A year ago July she came up to the area, camped out for a weekend, and sent out feelers to investigate jobs in the industry. Aurora Cellars got back to her first. Madison then found herself a place to rent in Suttons Bay, paid up front her first four months of rent, and committed to four months of harvest work; she would decide after if she liked the work and wanted to continue.
It was a huge learning curve. The whole first year was a learning curve: cleaning out tanks, setting up hoses, the crush pad. We had a seventeen-hour day, long hours, but I loved it, and I now know that the wine industry is what I want to be in for sure…. I’ve just turned 27, and it’s nice to know … [it’s nice] to stop vagabonding.

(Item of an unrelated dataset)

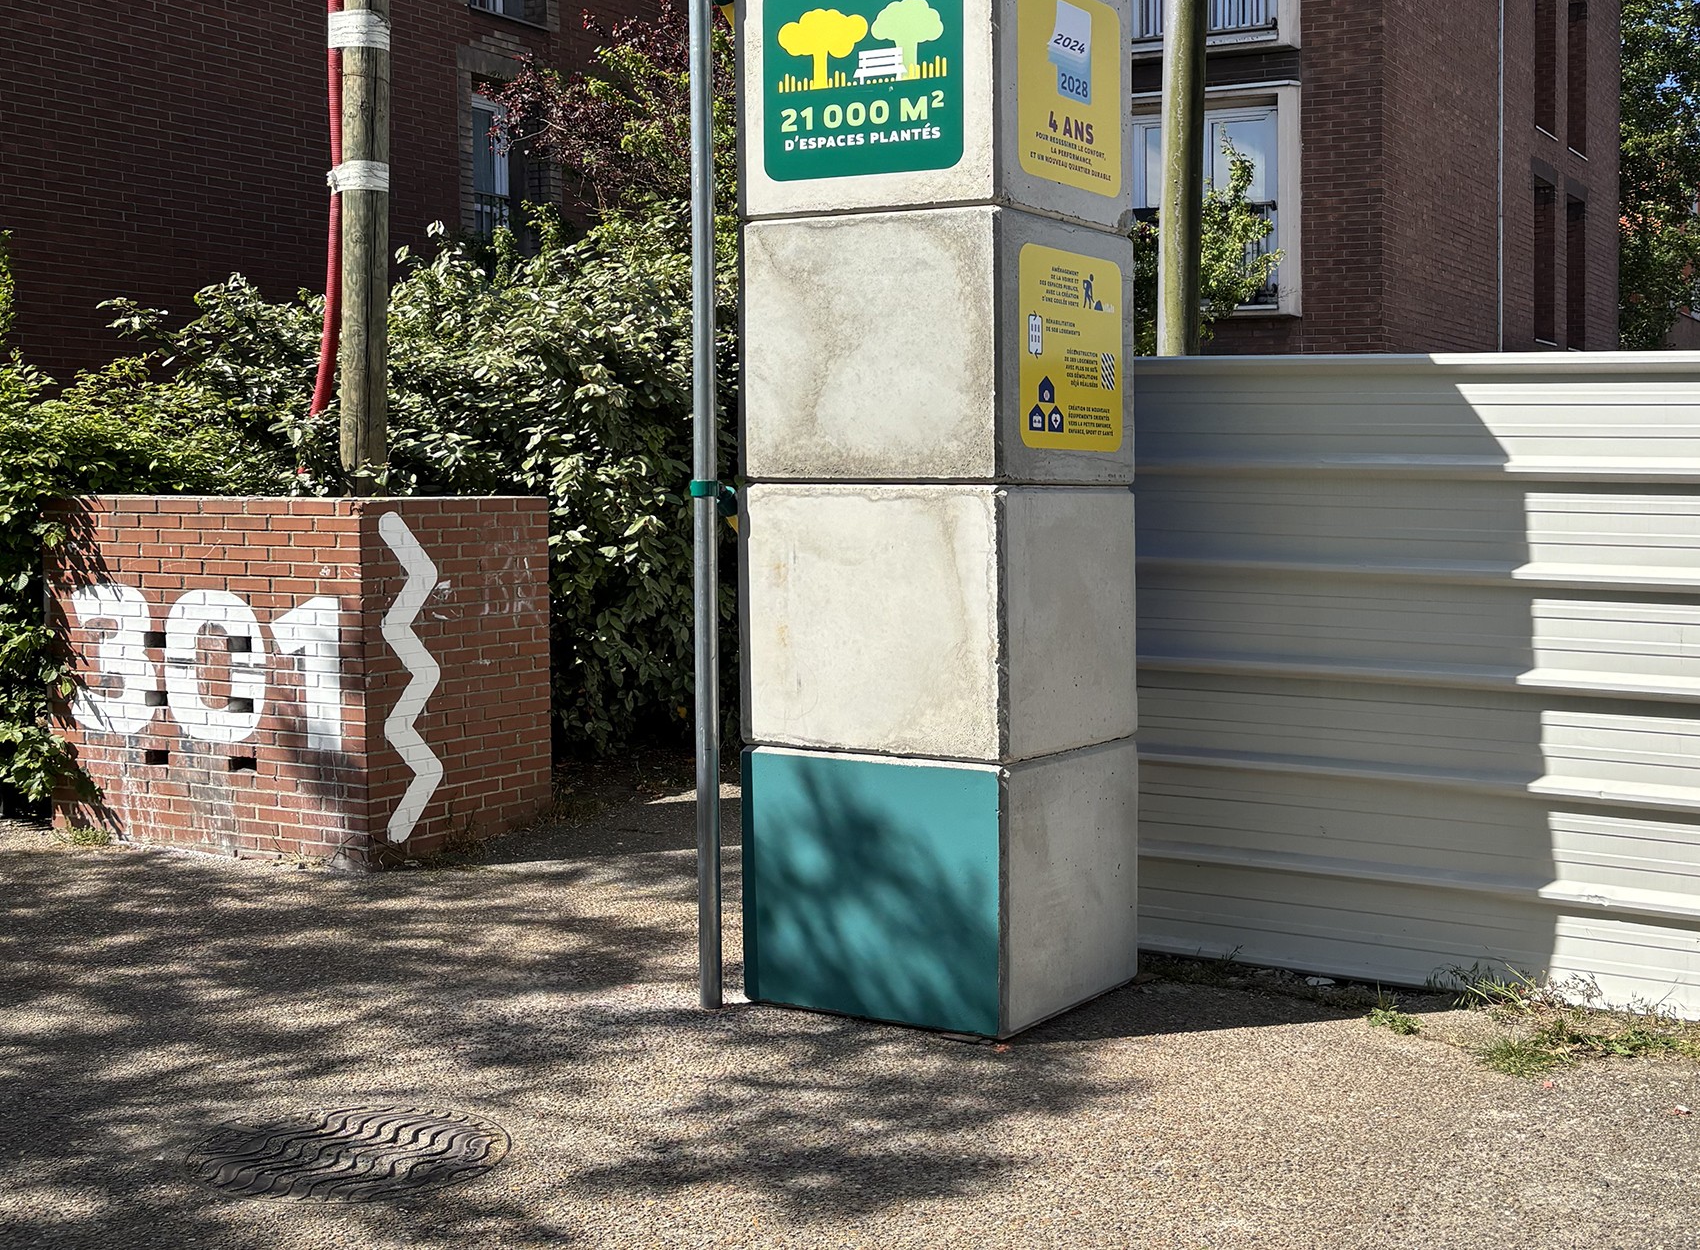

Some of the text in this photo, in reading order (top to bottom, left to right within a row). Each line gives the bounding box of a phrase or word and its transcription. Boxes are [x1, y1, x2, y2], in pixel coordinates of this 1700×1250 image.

Working under the direction of winemaker Drew Perry, Madison is learning on the job. She is following the age-old tradition of interning under a master of the craft, with the goal of working as many harvests and vintages as possible to gain experience and knowledge on the ground, rather than return to school to learn in a classroom setting.
Others in the industry say it’s on the job that you learn. Get as many vintages in as possible. And in the Custom Crush model at Aurora Cellars, I see so many wine varieties, models, and styles.
Though Northern Michigan is starting to feel like home, Madison is open to the possibilities of doing seasons in Germany or South Africa or even New Zealand. “I have a skill now. The cool thing about cellar work is that it is pretty universal. It’s something you can only learn by doing. I can clean tanks, hoses, blend wine anywhere. … I enjoy most things about the job: the lab work, running sulfur tests, inoculating wines. I’m learning the forklift, that’s fun.”
Every opportunity to learn more, she grasps: conferences, meetings, visiting the local wineries, getting to know her colleagues and the industry. Focused and enthusiastic, Madison radiates a poise and energy that is infectious. Curious, I ask her if she feels if being a woman has been a factor in or affected how she is received in the industry. Her response: “So far, for me it’s been a non-issue.”
And she goes on to point out that she’s fully aware of the stereotypes, that when she visits a winery and tells them she works in the industry, they generally assume she works in a tasting room. But she corrects them and the reactions she receives are welcoming and encouraging—even going so far as to shift the perspective towards the advantages of being a woman:
Some believe that women have better olfactory senses. That might differentiate me in the cellar somehow. I’m still working on my palate and detecting faults. If I can master this, it might come in handy down the line.
There is always more to learn, and no two years are alike in winemaking. Madison takes full advantage of the fount of knowledge in the person of wine maker Drew Perry, arriving many mornings with questions inspired by a book or magazine she has read, or a podcast she listened to the night before. If there’s downtime at the winery she’ll pour through Drew’s college textbooks on wine microbiology and wine chemistry, or soaking up The Natural History of Wine, the collaboration of anthropologist and scientists Ian Tattersall and Rob DeSalle.
Madison’s positive attitude is infectious. She sees herself as lucky to have chosen this industry, in this place, in this moment in time. She shares the view that Leelanau County and Northern Michigan wineries on the whole are on the cusp of a transition towards national and international recognition. And that this will inspire expansion and more possibilities. Will the area continue its move away from cherries towards more grapes? Will some of those prime hillsides now covered in cherry orchards shift towards grapes? “There’s so much land and so much potential. We’ve only just begun. It’s cool to be in such a hot region.”
I depart uplifted and excited as well.